Montag, 9. Mai 2016

Feuer und Wasser in Riva del Garda

Am vergangenen Maiwochenende bin ich für einen kleinen Urlaubsritt nach Italien gefahren, um dort den berüchtigten Marathon in Riva zu bezwingen. Angemeldet war ich natürlich wie jedes Jahr zur Ronda Extrema mit 93km und 3900hm.
Leider war die Woche zuvor und die unmittelbare Anreise nicht optimal, um sich für so ein Brocken in Form zu bringen... Ich hatte über die letzten Tage eine kleine Erkältung bekommen und der Tiefpunkt dieser war natürlich am Renntag. Aus diesem Grund bin ich unsicher in das Rennen gegangen.
Die Vorbelastung am Freitag mit Danny verlief ganz gut, aber trotzdem irgendwie nicht.
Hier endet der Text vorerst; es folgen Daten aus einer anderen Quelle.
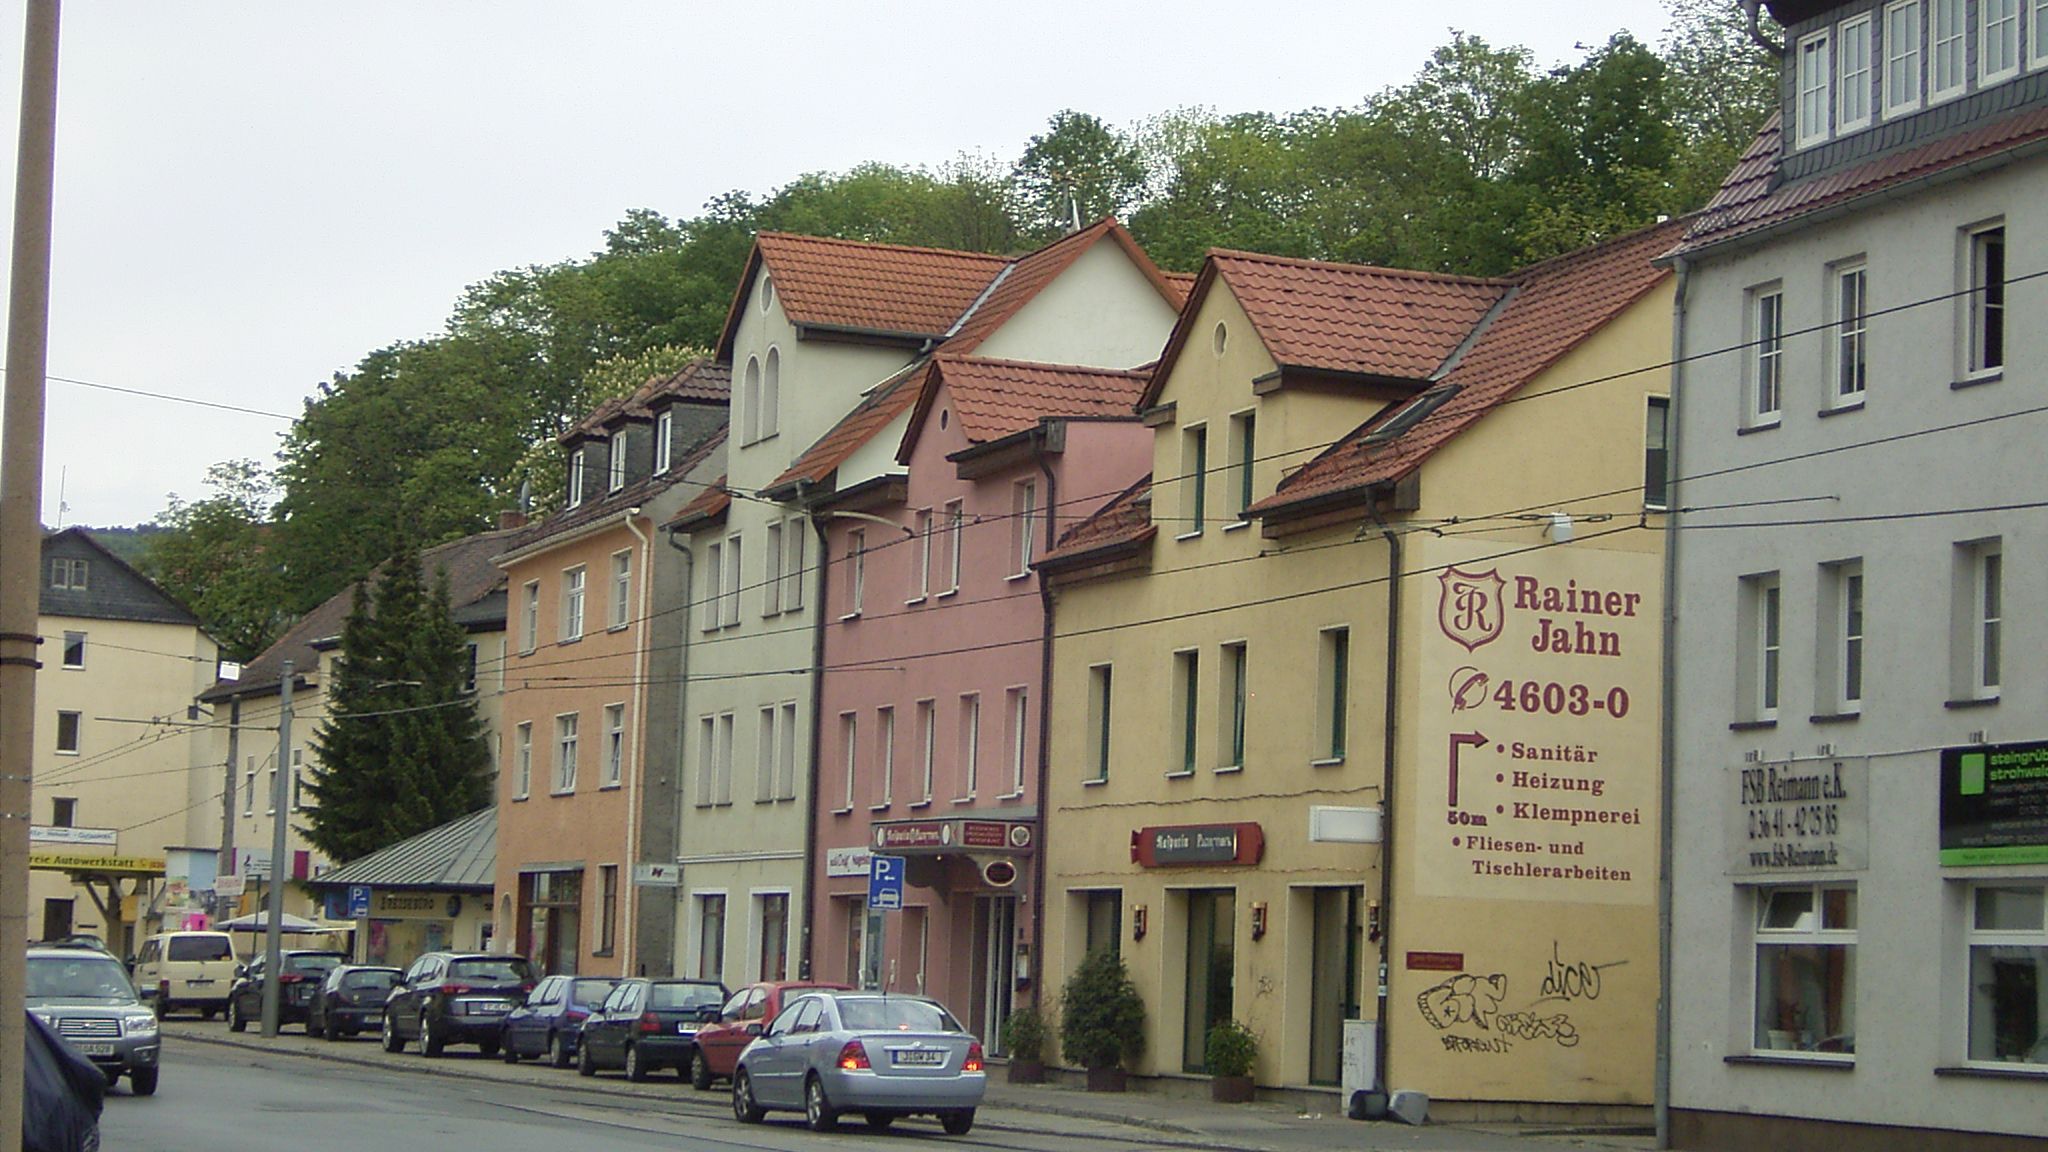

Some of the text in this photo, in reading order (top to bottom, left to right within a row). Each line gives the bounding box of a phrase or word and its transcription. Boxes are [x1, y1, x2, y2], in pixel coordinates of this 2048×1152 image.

[1514, 576, 1641, 617] Rainer
[1531, 618, 1621, 656] Jahn
[1493, 680, 1629, 718] 4603-0
[1511, 742, 1598, 763] Sanitär
[1512, 771, 1605, 796] Heizung
[1742, 768, 1765, 804] FSB
[1768, 765, 1819, 802] Reimann
[1447, 811, 1488, 826] 50m
[1513, 802, 1640, 826] Klempnerei
[1467, 836, 1584, 855] Fliesen- und
[54, 856, 134, 868] Autowerkstatt
[875, 859, 891, 880] P
[1472, 860, 1631, 881] Tischlerarbeiten
[353, 888, 363, 900] P
Alles egal, bei dem Rennen rechne ich mir so und so keine gute Position aus, obwohl ich es immer erhoffe...
Höhenprofil Extrema
Um 0730Uhr ging es pünktlich los und wir starteten zum ersten Mal ausschließlich unter Lizenzfahrern und wurden auch getrennt gewertet. Ich konnte mich in den ersten 5km unter den ersten Fahrern positionieren und habe mich aus jeglichem Stress herausgehalten. Im Anschluss geht es unmittelbar in den ersten 900hm Anstieg bei dem wir über Calino in den ersten Trail einbogen. Eigentlich kam ich ganz gut zu recht und konnte die Mitstreiter, die am Berg vor mir waren in der freien Abfahrt wieder einholen. Nachdem ich die erste Verpflegung erreicht hatte und einen Flaschenwechsel anstrebte, sah ich, dass hier nur 0,5l PET-Flaschen ausgegeben werden:-)... So musste ich meine zuvor weggeworfene Trinkflasche wieder holen und ganz in Ruhe und besegnet mit ISO-Getränk auffüllen... Leider war es kein ISO, sondern Red-Bull mit Wasser gemischt... Also die besten Voraussetzungen, um den langen Brocken zu bezwingen.
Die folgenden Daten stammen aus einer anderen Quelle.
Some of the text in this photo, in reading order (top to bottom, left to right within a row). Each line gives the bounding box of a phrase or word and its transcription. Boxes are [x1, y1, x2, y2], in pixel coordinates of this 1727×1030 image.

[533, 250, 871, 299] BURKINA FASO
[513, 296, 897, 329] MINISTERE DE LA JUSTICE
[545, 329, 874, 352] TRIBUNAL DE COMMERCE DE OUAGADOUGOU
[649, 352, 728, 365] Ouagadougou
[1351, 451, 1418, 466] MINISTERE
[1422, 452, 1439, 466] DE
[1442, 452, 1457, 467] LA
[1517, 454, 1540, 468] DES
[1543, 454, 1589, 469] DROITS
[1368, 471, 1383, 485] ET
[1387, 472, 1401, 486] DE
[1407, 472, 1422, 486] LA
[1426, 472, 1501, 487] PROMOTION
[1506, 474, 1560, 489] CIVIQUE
Am Anfang des Rennens habe ich natürlich überzogen, um mich zu positionieren. Im folgenden Waldstück habe ich aufgrund der kalten Witterung sehr früh Aduktoren-Krämpfe bekommen und mich somit über den Trail-Abschnitt gequält. Lennard Heidenreich war stetig an meinem Hinterrad.
Der nächste Anstieg zum Sentiero dei Russi stand an  und ich habe mich entschieden Tempo rauszunehmen. Leider fehlte das Vertrauen in den Körper. Zum Einen die Erkältung und zum Anderen bin ich dieses Jahr nicht einmal mehr als 1500hm im Training gefahren.
Da sollte der Realismus durchkommen. Ich mach das mit den Rennen schon lange genug, um realistisch einzuschätzen, wann man rausnehmen sollte...:-).
An dem Anstieg haben mich einige Fahrer einkassiert und ich habe die kommenden Anstiege in meinem Tempo genommen. Bei den Abfahrten und den Verpflegungsstationen bin ich ganz entspannt gewesen und habe das Rennen als langes hartes Training zu Ende gebracht. Zum Schluss konnte ich sogar noch einige Kontrahenten einholen, die sich leicht überschätzt hatten....
Am Ende hätte ich nie gedacht, das ich eine so ordentliche Zeit hinlege...5h30min ist für die Umstände völlig in Ordnung...
Im Anschluss bin ich noch eine Woche am Lago geblieben, um das Leben und das leckere Eis zu genießen....

Am Ende war ich 60ter Gesamt und 37ter in der Lizenz-Elite-Klasse... In der Lizenz-Master-1-Klasse wäre ich Dritter gewesen (Hätte, hätte, Fahradkette)... Allerdings habe mich vorausschauend der Elite WM in der Elite-Klasse werten lassen.